Mike-Mayhem · · North Bend, WA · Joined Sep 2015 · Points: 70

What does everyone think of Ashtar Command? Sounds like it's a mellow approach, is it sandbagged?

Firestone · · California · Joined Nov 2015 · Points: 186

Second reccomendation for led by sheep

Mike-Mayhem · · North Bend, WA · Joined Sep 2015 · Points: 70
Mike Womack wrote:+1 for snow canyon state park. There's great trad/sport climbs up to 4 pitches long. Recommended routes in the 5.8ish grade are: stepping out, just desserts, and leopard skin.
Thanks for the recommendation!

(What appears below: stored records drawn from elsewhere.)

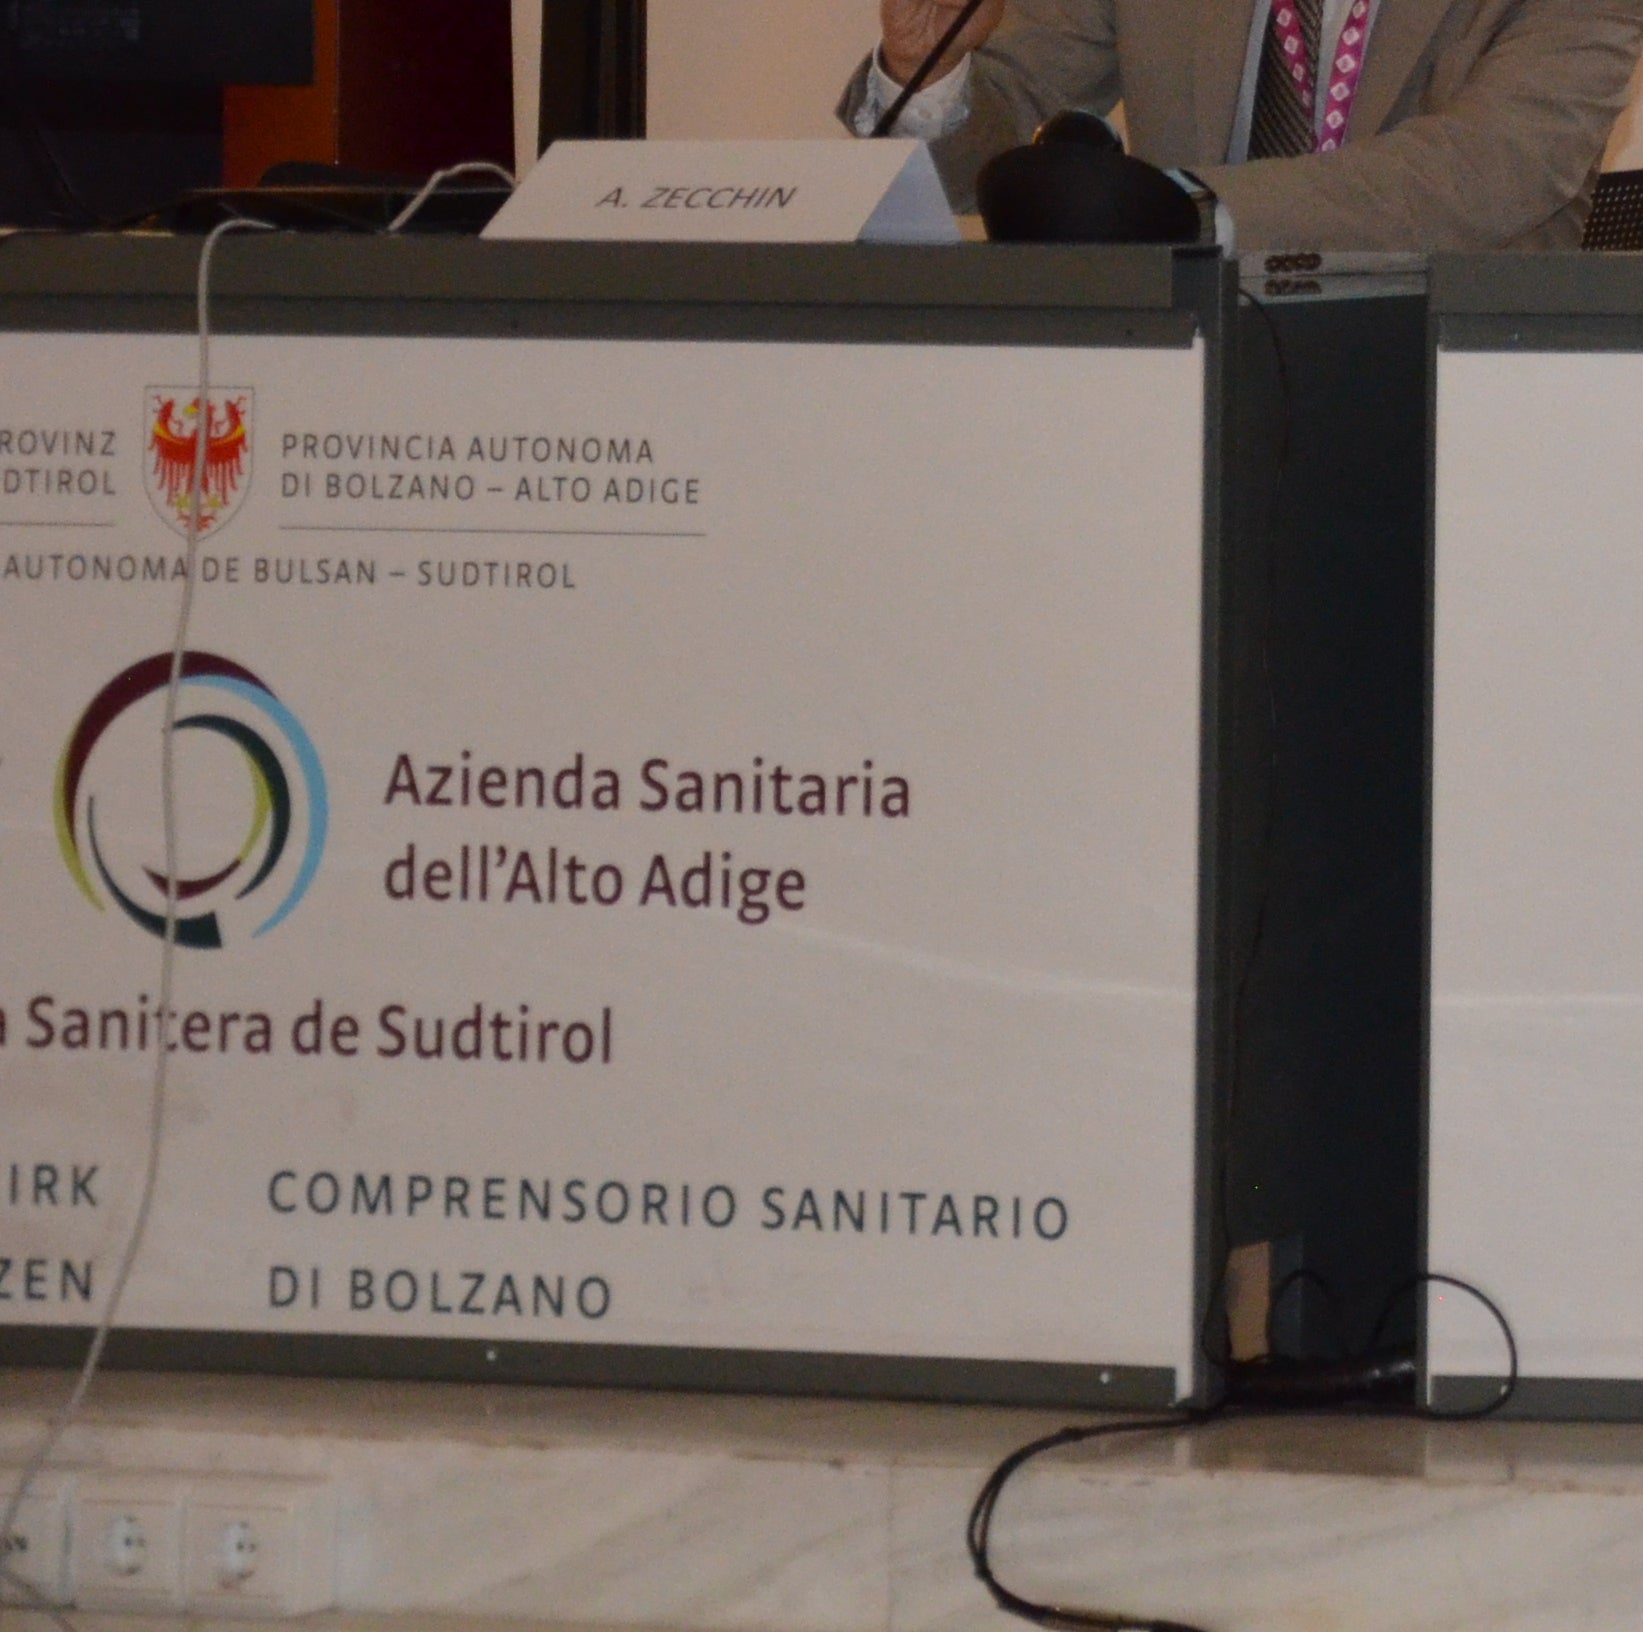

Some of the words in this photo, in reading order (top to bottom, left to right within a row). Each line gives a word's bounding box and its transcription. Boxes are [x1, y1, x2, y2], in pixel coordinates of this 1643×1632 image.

[594, 186, 635, 209] A.
[640, 186, 798, 210] ZECCHIN
[281, 432, 456, 461] PROVINCIA
[467, 435, 654, 464] AUTONOMA
[2, 466, 116, 496] DTIROL
[280, 471, 312, 499] DI
[325, 471, 476, 501] BOLZANO
[514, 475, 592, 504] ALTO
[602, 476, 700, 505] ADIGE
[4, 553, 188, 583] AUTONOMA
[201, 555, 239, 583] DE
[254, 557, 376, 585] BULSAN
[417, 559, 576, 590] SUDTIROL
[384, 749, 621, 811] Azienda
[639, 756, 910, 818] Sanitaria
[639, 850, 806, 926] Adige
[291, 998, 360, 1057] de
[376, 1002, 612, 1064] Sudtirol
[9, 1163, 99, 1208] IRK
[267, 1169, 737, 1229] COMPRENSORIO
[761, 1186, 1069, 1241] SANITARIO
[268, 1265, 320, 1309] DI
[349, 1267, 611, 1320] BOLZANO

I'll look into these, could be great for the day before we get to red rock!!
Marc801 C · · Sandy, Utah · Joined Feb 2014 · Points: 65
Drew Spaulding wrote: BUT,,, people that have succumbed to the degradation of it's true name RED ROCKS, must have only started climbing there in the last 10 years. Whoever decided to call it Red Rock,,, should be sued.
They didn't call it Red Rock, they (the BLM) call it Red Rock National Conservation Area.
Rob WardenSpaceLizard · · las Vegans, the cosmic void · Joined Dec 2011 · Points: 130

It's ZION, not ZIONZ...

+1 mark

Only people from Utah call it Zions. I asked during my time living in the canyon. It seemed as if Zions Bank is responsible.

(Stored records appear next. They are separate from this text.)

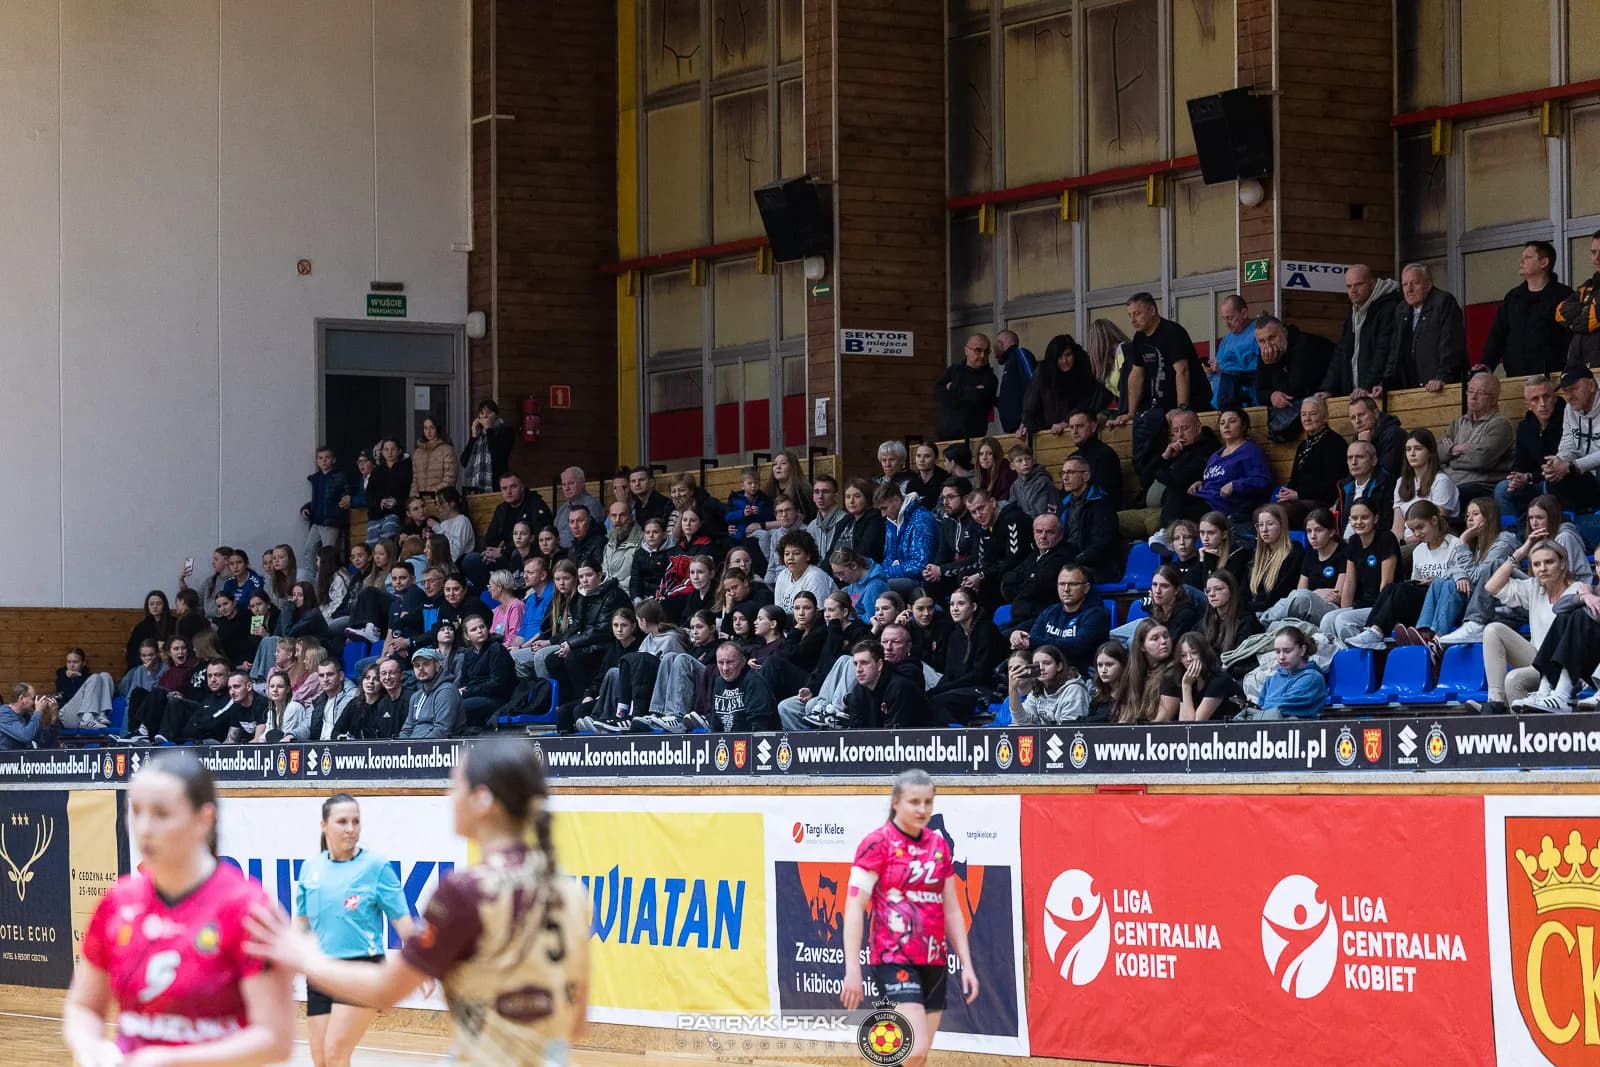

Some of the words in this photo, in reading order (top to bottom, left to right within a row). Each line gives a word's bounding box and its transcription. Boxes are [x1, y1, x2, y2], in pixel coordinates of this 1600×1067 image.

[1286, 272, 1311, 288] A
[845, 331, 908, 340] SEKTOR
[845, 339, 864, 352] B
[866, 340, 908, 348] miejsca
[1094, 728, 1327, 768] www.koronahandball.pl
[1455, 721, 1600, 754] www.korona
[199, 750, 273, 776] nahandball.pl
[335, 744, 459, 770] www.koronahandball
[547, 740, 710, 772] www.koronahandball.pl
[797, 735, 989, 771] www.koronahandball.pl
[805, 823, 823, 838] Targi
[824, 823, 845, 835] Kielce
[79, 871, 104, 881] CEDZYNA
[908, 860, 939, 884] 32
[569, 864, 746, 950] WIATAN
[1113, 889, 1152, 914] LIGA
[1341, 895, 1388, 923] LIGA
[0, 924, 24, 941] OTEL
[28, 925, 56, 942] ECHO
[1114, 921, 1222, 949] CENTRALNA
[1342, 930, 1468, 962] CENTRALNA
[795, 942, 844, 964] Zawsze
[860, 946, 871, 965] st
[1115, 952, 1177, 979] KOBIET
[796, 971, 801, 992] i
[1344, 963, 1417, 992] KOBIET

Ken Noyce · · Layton, UT · Joined Aug 2010 · Points: 2,648
Rob Warden...Space Lizard wrote:It seemed as if Zions Bank is responsible.
I bet this is the case, but it is true, everyone from UT calls it Zions.
Sean C · · SLC · Joined Apr 2011 · Points: 225
Mike-Mayhem wrote:What does everyone think of Ashtar Command? Sounds like it's a mellow approach, is it sandbagged?
Ashtar Command has virtually zero approach, second pitch is full value for the grade from what I remember. Unfortunate thing is most of the other routes right around the area are closed for Peregrine nesting through the spring. Headache is open but a little above your stated MO. Red Rock is honestly a better bet for climbing if you can make the drive.
Aaron Livingston · · Ouray, CO · Joined Sep 2012 · Points: 330

Ashtar is good, but likely to be cold this time of year. Also crack jamming and a busted up ankle is not likely to equal a good time. Outside of ashtar, climbing in Zion typically starts at the 510 level for multi pitch routes. so I'll also recommend snow canyon state park instead.

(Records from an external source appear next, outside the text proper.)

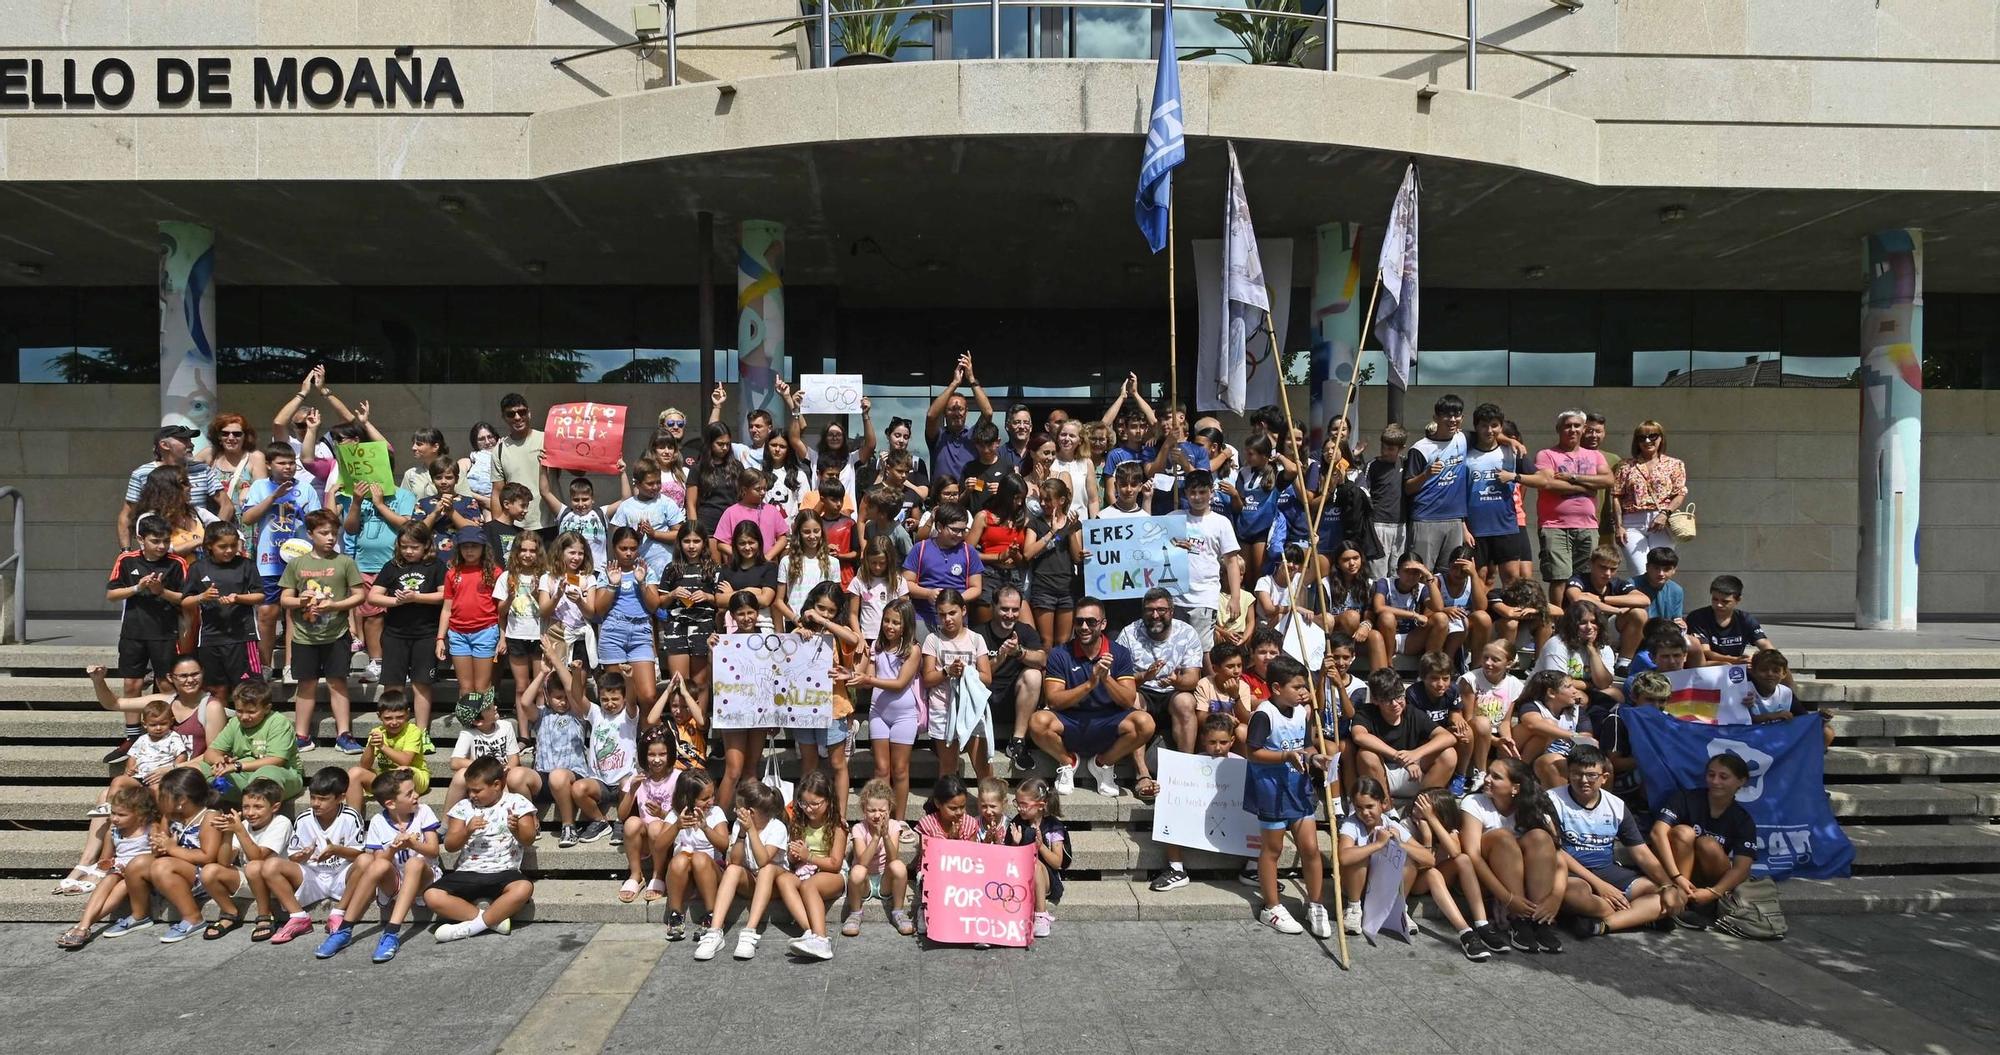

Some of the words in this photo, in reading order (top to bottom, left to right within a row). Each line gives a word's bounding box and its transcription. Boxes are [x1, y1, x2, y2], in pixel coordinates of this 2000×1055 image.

[157, 57, 232, 107] DE
[253, 46, 465, 108] MOAÑA
[1090, 524, 1134, 545] ERES
[1097, 550, 1121, 566] UN
[1096, 567, 1155, 595] CRACK
[940, 854, 985, 874] IMOS
[944, 880, 983, 908] POR

Sam Keller · · Mallorca, ES · Joined Jun 2013 · Points: 30

Ashtar Command is about the only thing that will satisfy the bill.

The Approach to Lead by Sheep will be too hard for her, it's quite long walking up a steep sandstone ramp.

And it is Zion. ONLY Utahns call it Zions, and it's usually because they are confused by the bank Zions Bank....

Source; I'm a local. It's fucking called Zion!

Ian Dorko · · Unknown Hometown · Joined Apr 2009 · Points: 110

Zion is amazing (even if you're not climbing) but might be tough given the climbing limitations you stated...

You might consider going to the san rafael swell and doing some of the super long moderate climbing there.

Either way, have fun!

Marc801 C · · Sandy, Utah · Joined Feb 2014 · Points: 65
Ian Dorko wrote:You might consider going to the san rafael swell and doing some of the super long, extremely run-out moderate climbing there.
Added that nugget of info for ya!
RangerJ · · Denver, CO · Joined Jan 2012 · Points: 65

As others have said, the approach to Led By Sheep would be interesting for you. There are some moderate climbs close to the road in Zion, just not many. Practice cliffs is probably your best bet, and Casual Sex is the best climb there.

mountainproject.com/v/casua…

There are a couple first pitches at Cereberus Gendarme that would work, too.
mountainproject.com/v/cave-…

The approach is a bit longer, but The Confluence also has some that fit the bill.
mountainproject.com/v/ghett…

Good luck.

James T · · Livermore · Joined Jul 2015 · Points: 80

Anyone care to comment on Weeping Rock Chimney ?

It seems like the first two pitches are more mellow than the third, but that's only from what the interwebz has told me.

brian burke · · mammoth lakes, ca · Joined Nov 2013 · Points: 165

+1 to ashtar command. super fun, no approach, a really nice line.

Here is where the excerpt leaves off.